**Input data:**
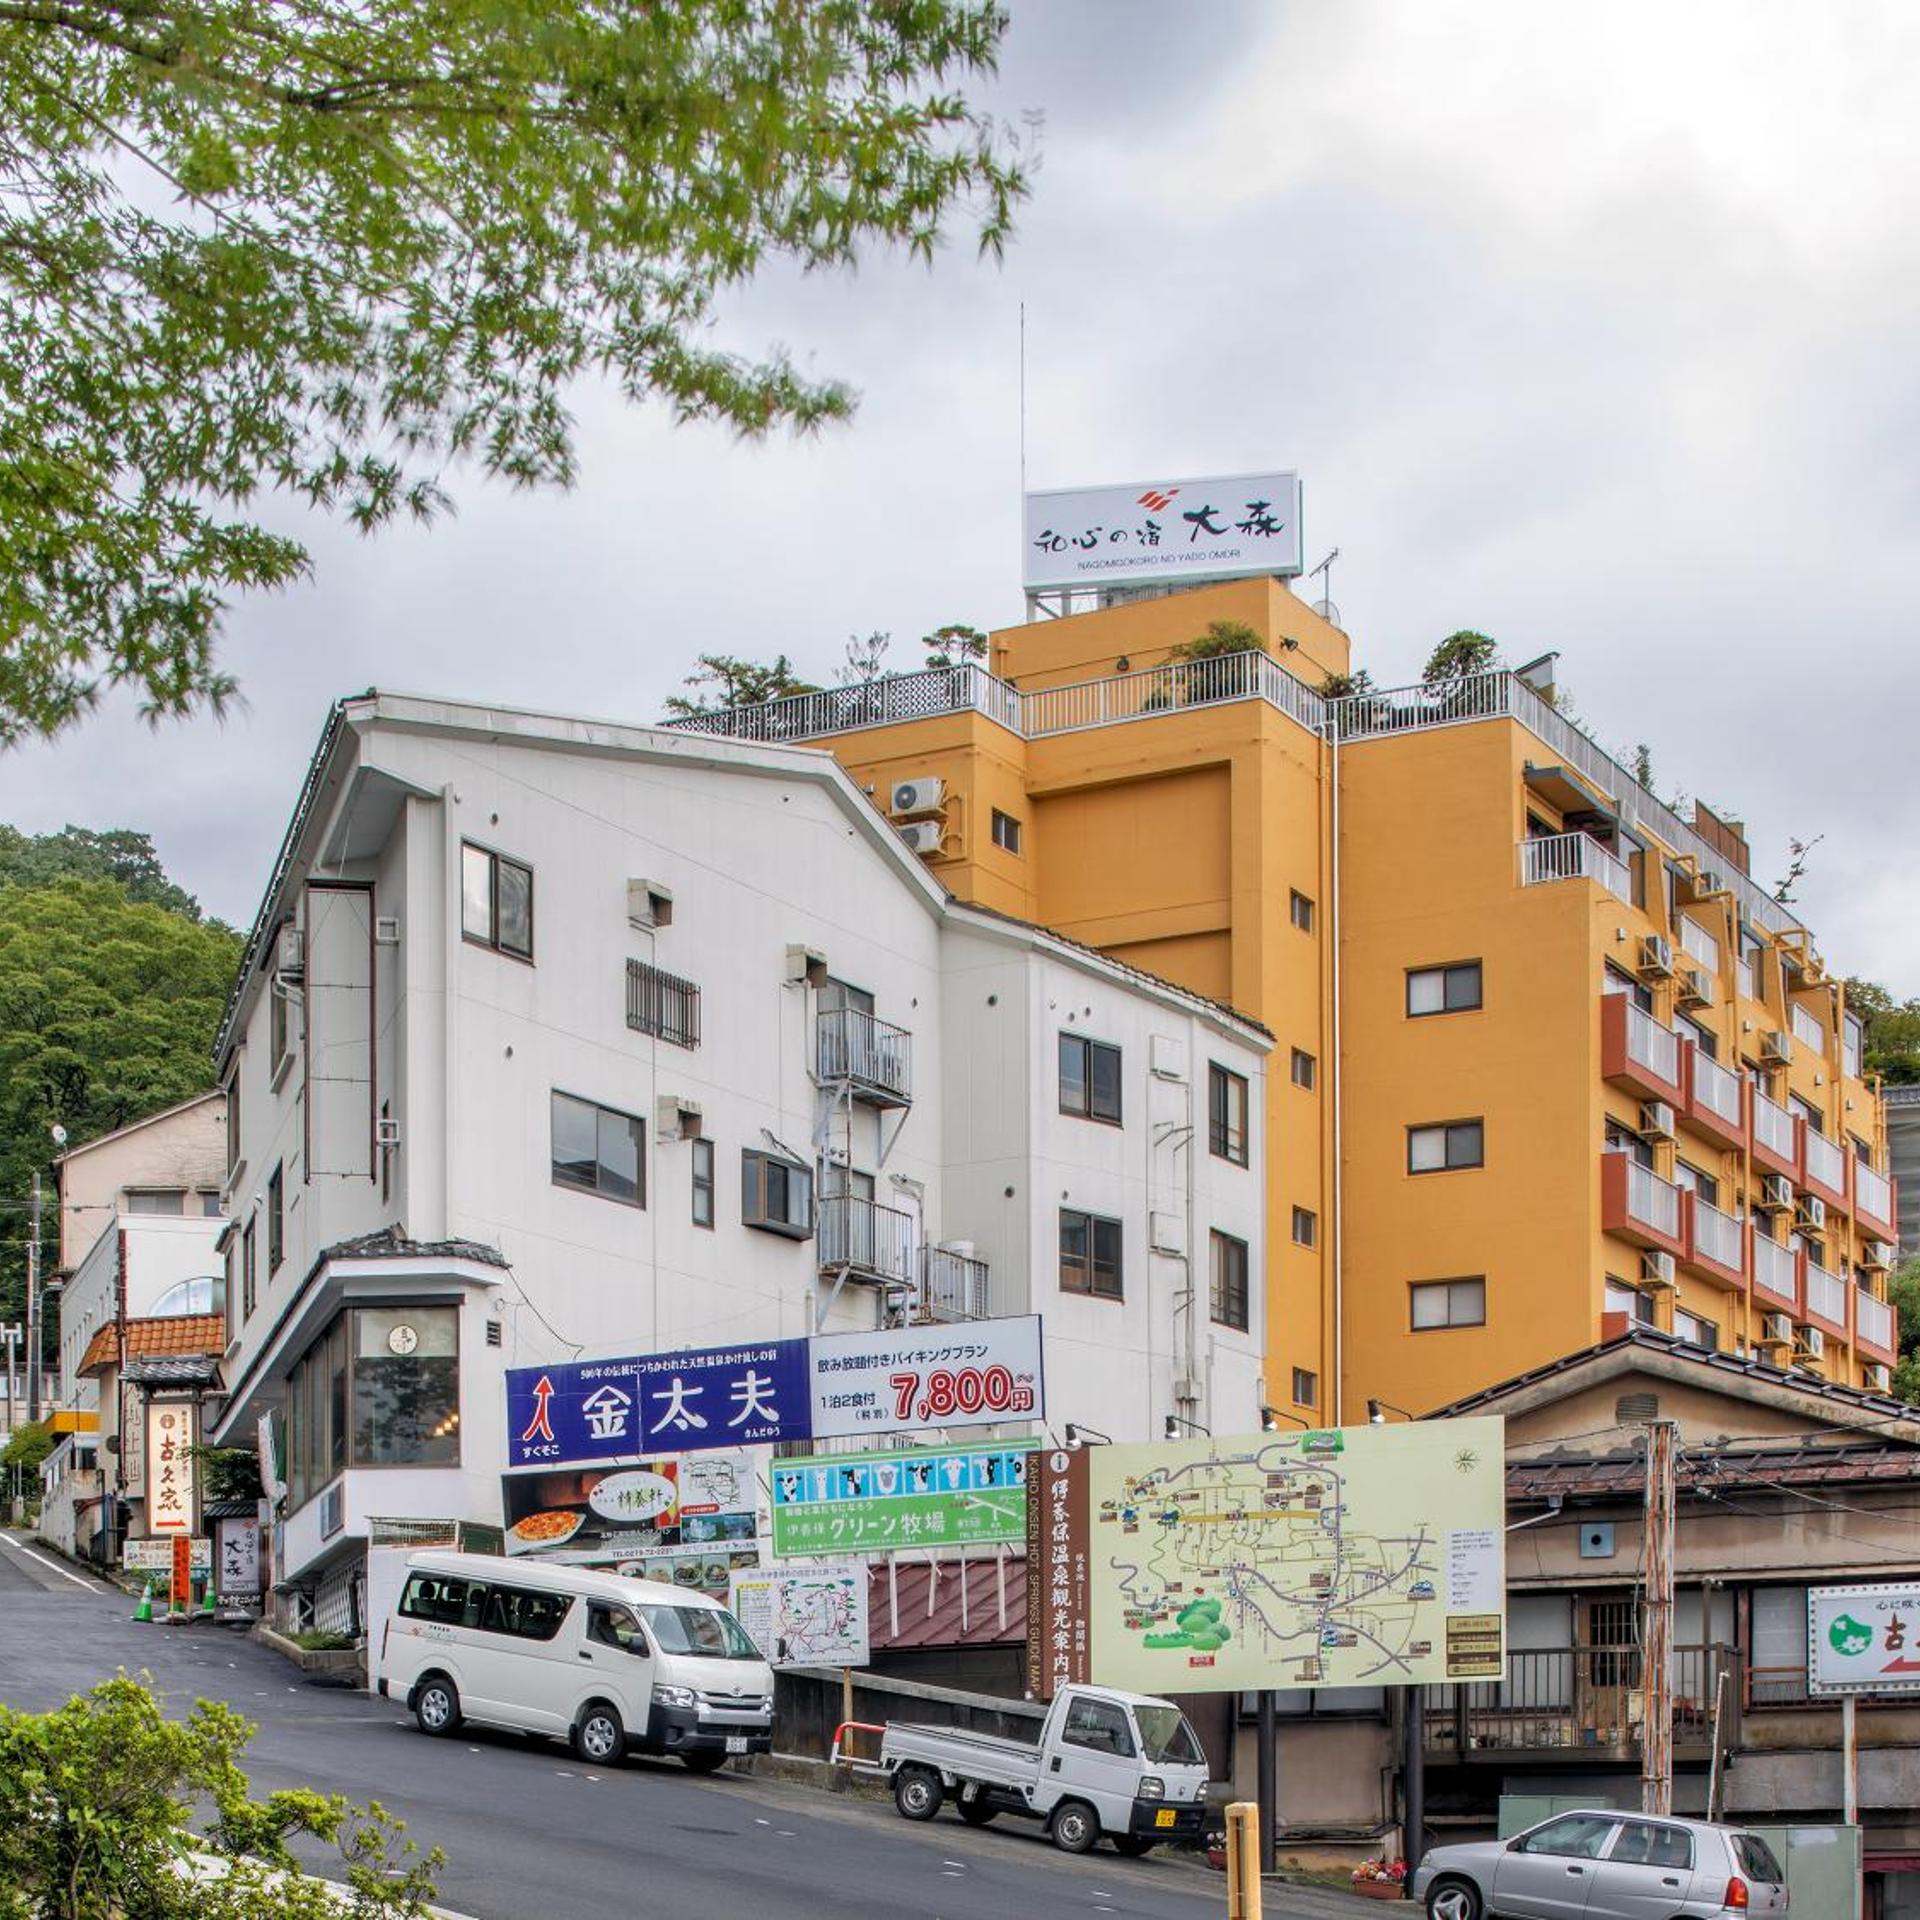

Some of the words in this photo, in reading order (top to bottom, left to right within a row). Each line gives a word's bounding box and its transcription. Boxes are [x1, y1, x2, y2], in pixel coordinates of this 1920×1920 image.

[1033, 519, 1162, 553] 和心の宿
[1183, 500, 1285, 542] 大森
[1160, 554, 1176, 564] NO
[1178, 551, 1206, 563] YADO
[1208, 549, 1241, 560] OMORI
[817, 1345, 988, 1373] 飲み放題付きバイキングプラン
[582, 1370, 781, 1440] 金太夫
[820, 1392, 876, 1409] 1泊2食付
[890, 1364, 1034, 1421] 7,800円
[522, 1444, 561, 1458] すぐそこ
[1028, 1455, 1040, 1494] IKAHO
[830, 1511, 945, 1539] グリーン牧場
[1028, 1499, 1040, 1540] ONSEN
[224, 1539, 244, 1577] 大森
[1028, 1543, 1040, 1570] HOT
[1029, 1625, 1041, 1662] GUIDE
[1029, 1664, 1041, 1692] MAP
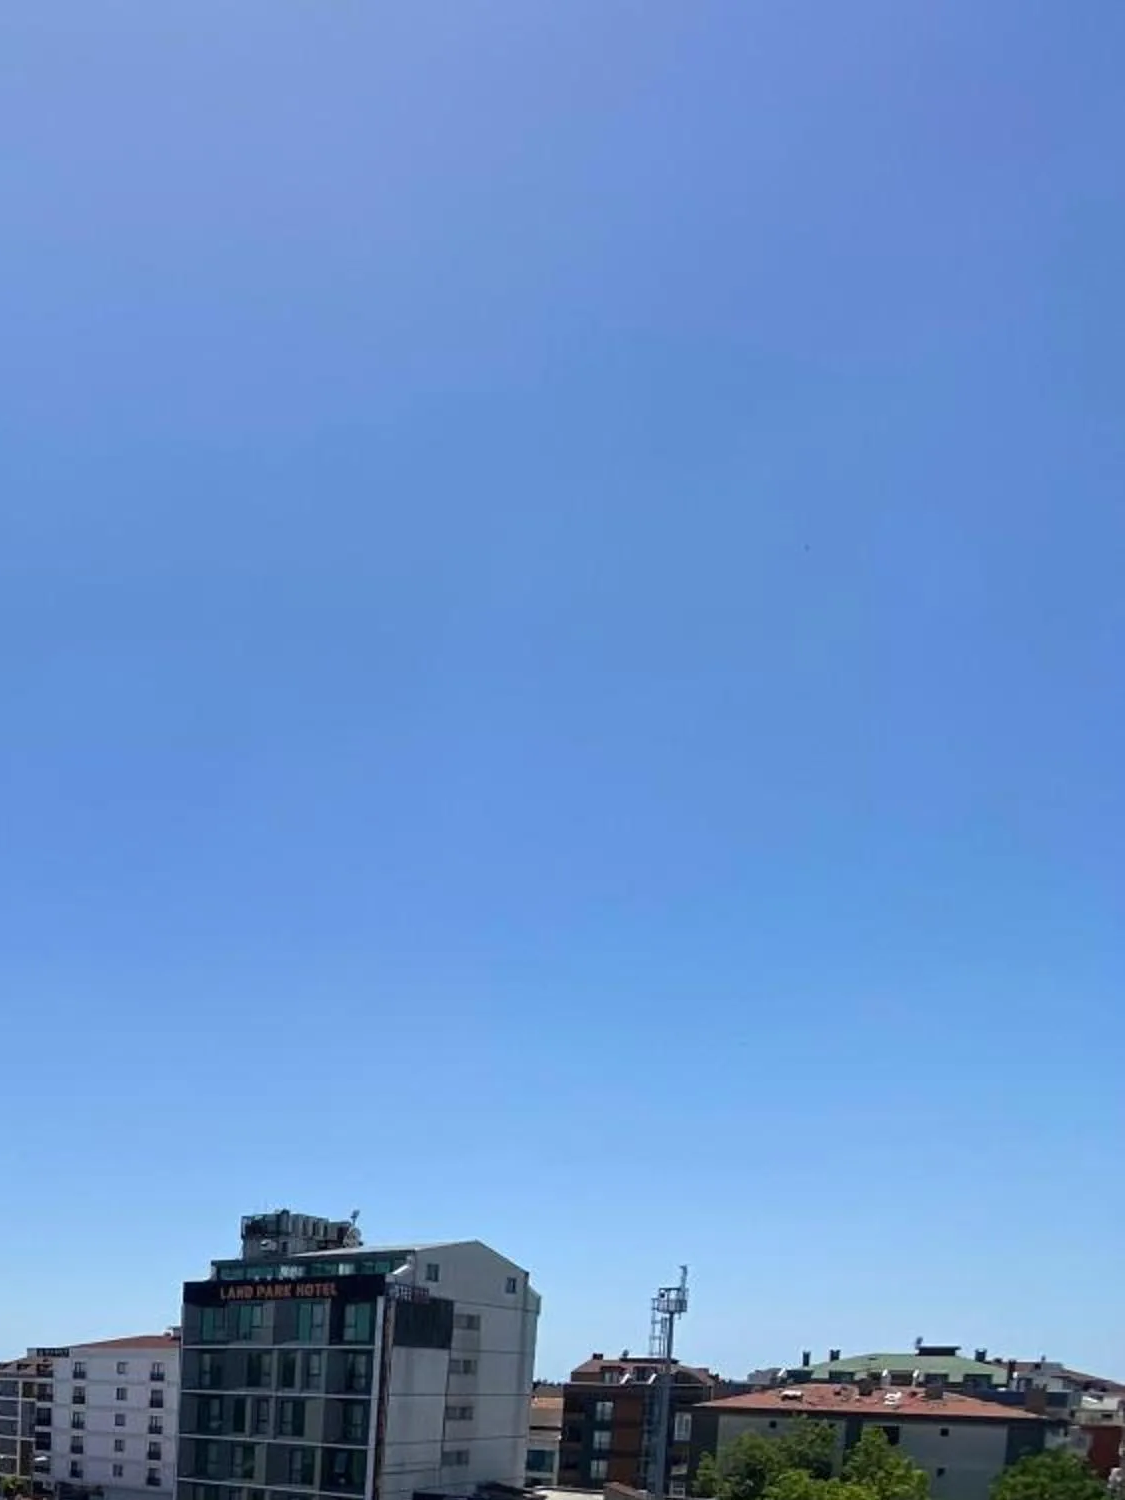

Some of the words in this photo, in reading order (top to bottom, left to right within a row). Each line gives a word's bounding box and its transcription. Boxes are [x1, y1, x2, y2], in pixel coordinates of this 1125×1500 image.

[220, 1286, 254, 1299] LAND
[256, 1284, 293, 1298] PARK
[296, 1283, 338, 1297] HOTEL
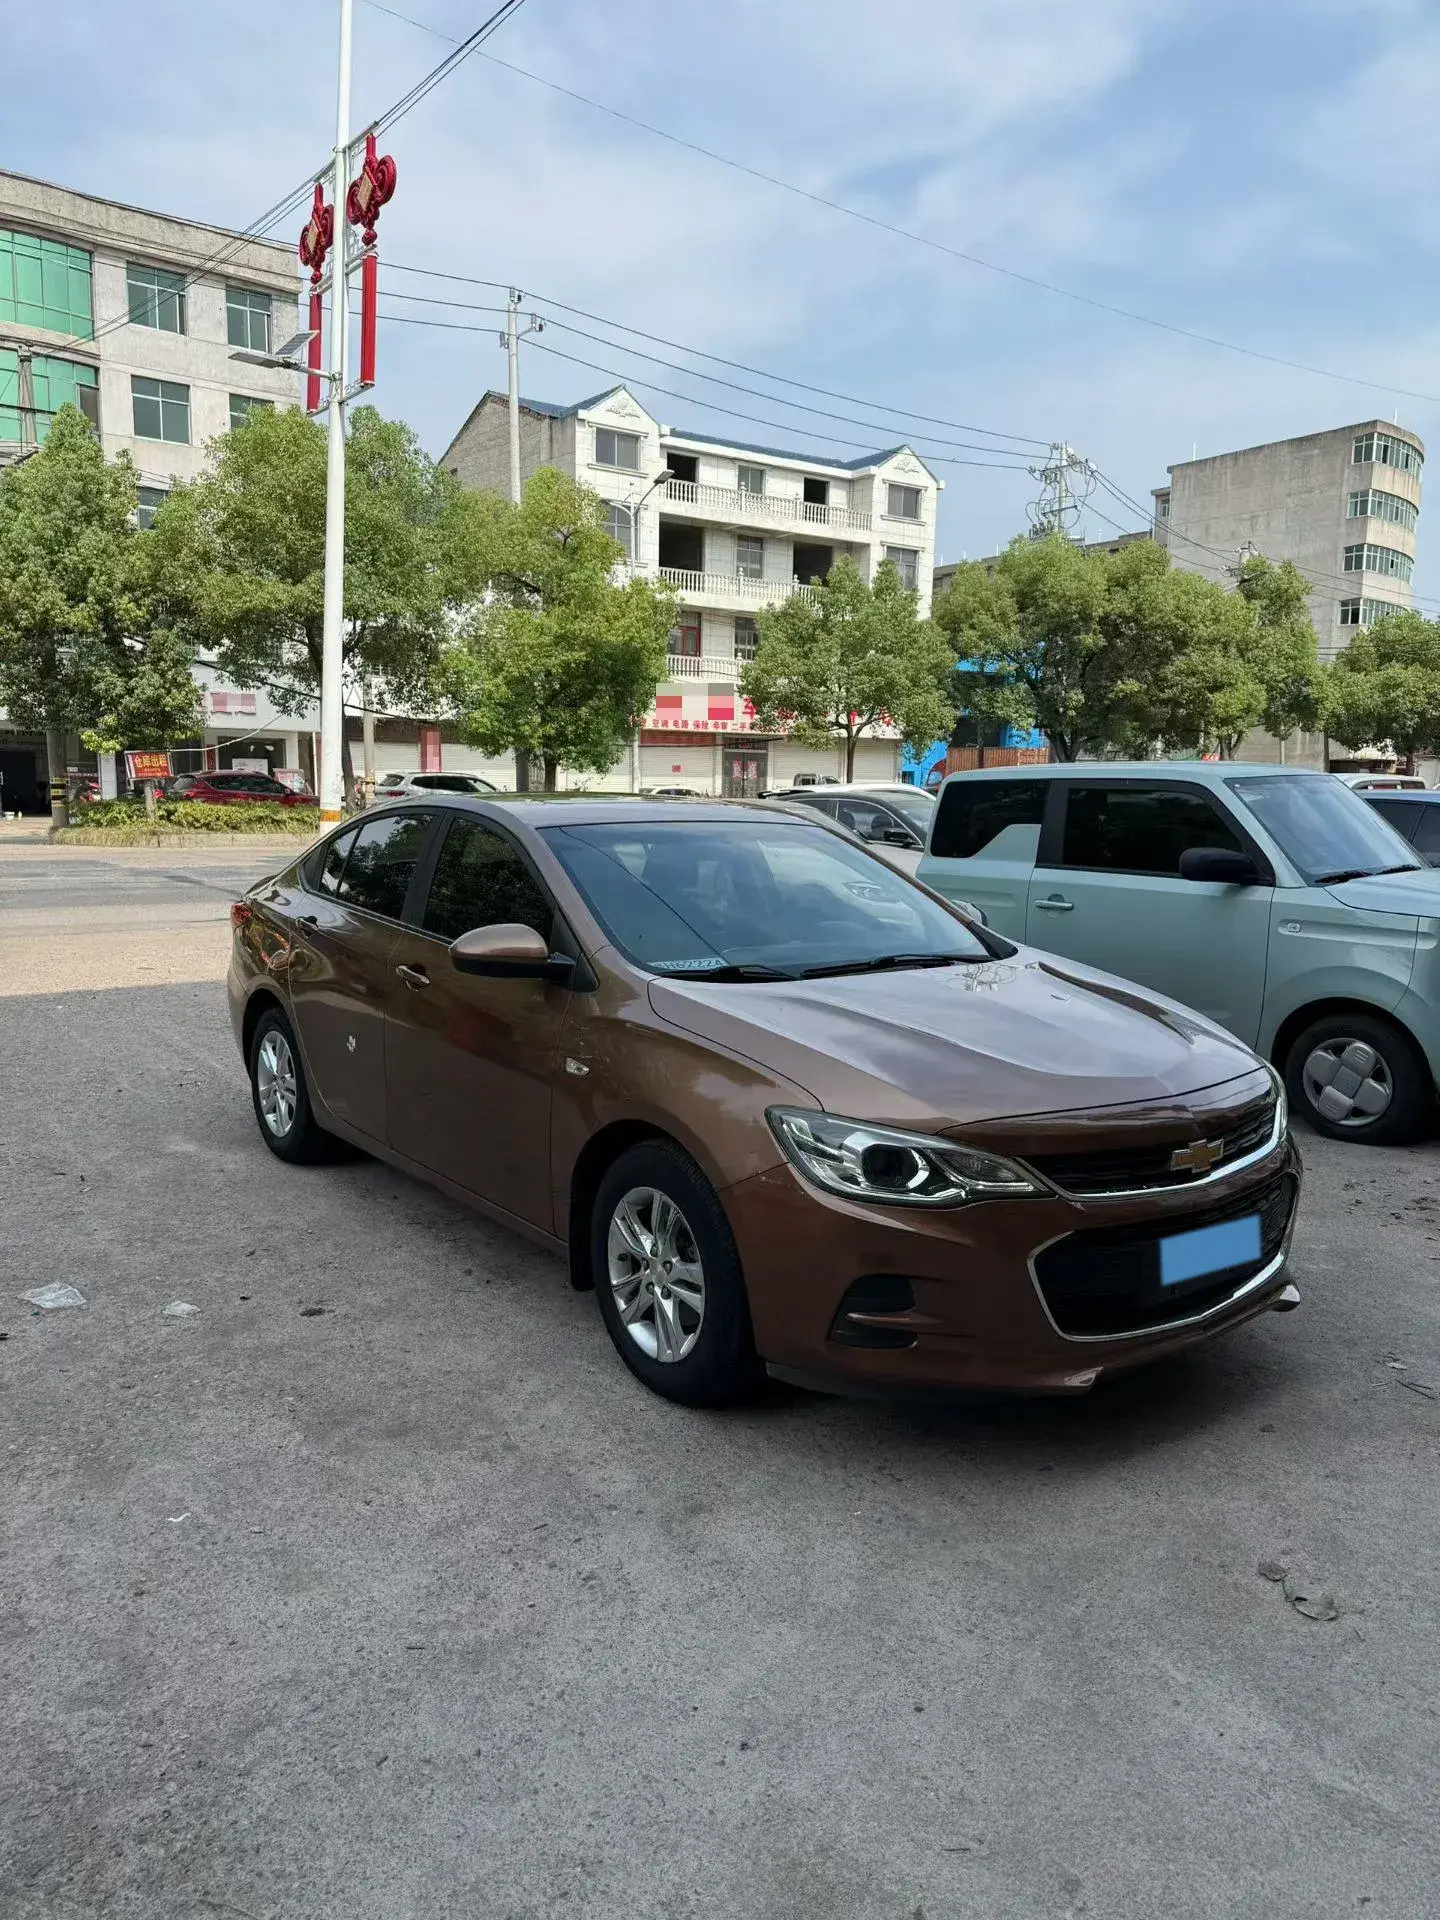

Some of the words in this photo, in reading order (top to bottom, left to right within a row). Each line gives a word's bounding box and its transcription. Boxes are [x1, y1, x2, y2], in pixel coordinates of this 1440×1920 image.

**Problem requirements:** What you return should be the full listing, unchanged, minus the pictures.

**Output for this task:**
Some of the words in this photo, in reading order (top to bottom, left to right within a row). Each line gives a word's bounding box and its transcription. Boxes are [x1, y1, x2, y2], in pixel coordinates of this 1920×1920 image.

[1033, 519, 1162, 553] 和心の宿
[1183, 500, 1285, 542] 大森
[1160, 554, 1176, 564] NO
[1178, 551, 1206, 563] YADO
[1208, 549, 1241, 560] OMORI
[817, 1345, 988, 1373] 飲み放題付きバイキングプラン
[582, 1370, 781, 1440] 金太夫
[820, 1392, 876, 1409] 1泊2食付
[890, 1364, 1034, 1421] 7,800円
[522, 1444, 561, 1458] すぐそこ
[1028, 1455, 1040, 1494] IKAHO
[830, 1511, 945, 1539] グリーン牧場
[1028, 1499, 1040, 1540] ONSEN
[224, 1539, 244, 1577] 大森
[1028, 1543, 1040, 1570] HOT
[1029, 1625, 1041, 1662] GUIDE
[1029, 1664, 1041, 1692] MAP

Some of the words in this photo, in reading order (top to bottom, left to right within a row). Each line gives a word's bounding box and its transcription. Boxes are [x1, y1, x2, y2], in pixel coordinates of this 1125×1500 image.

[220, 1286, 254, 1299] LAND
[256, 1284, 293, 1298] PARK
[296, 1283, 338, 1297] HOTEL

Some of the words in this photo, in reading order (top to bottom, left to right within a row). Each line gives a word's bounding box and its transcription. Boxes are [x1, y1, x2, y2], in pixel coordinates of this 1440×1920 image.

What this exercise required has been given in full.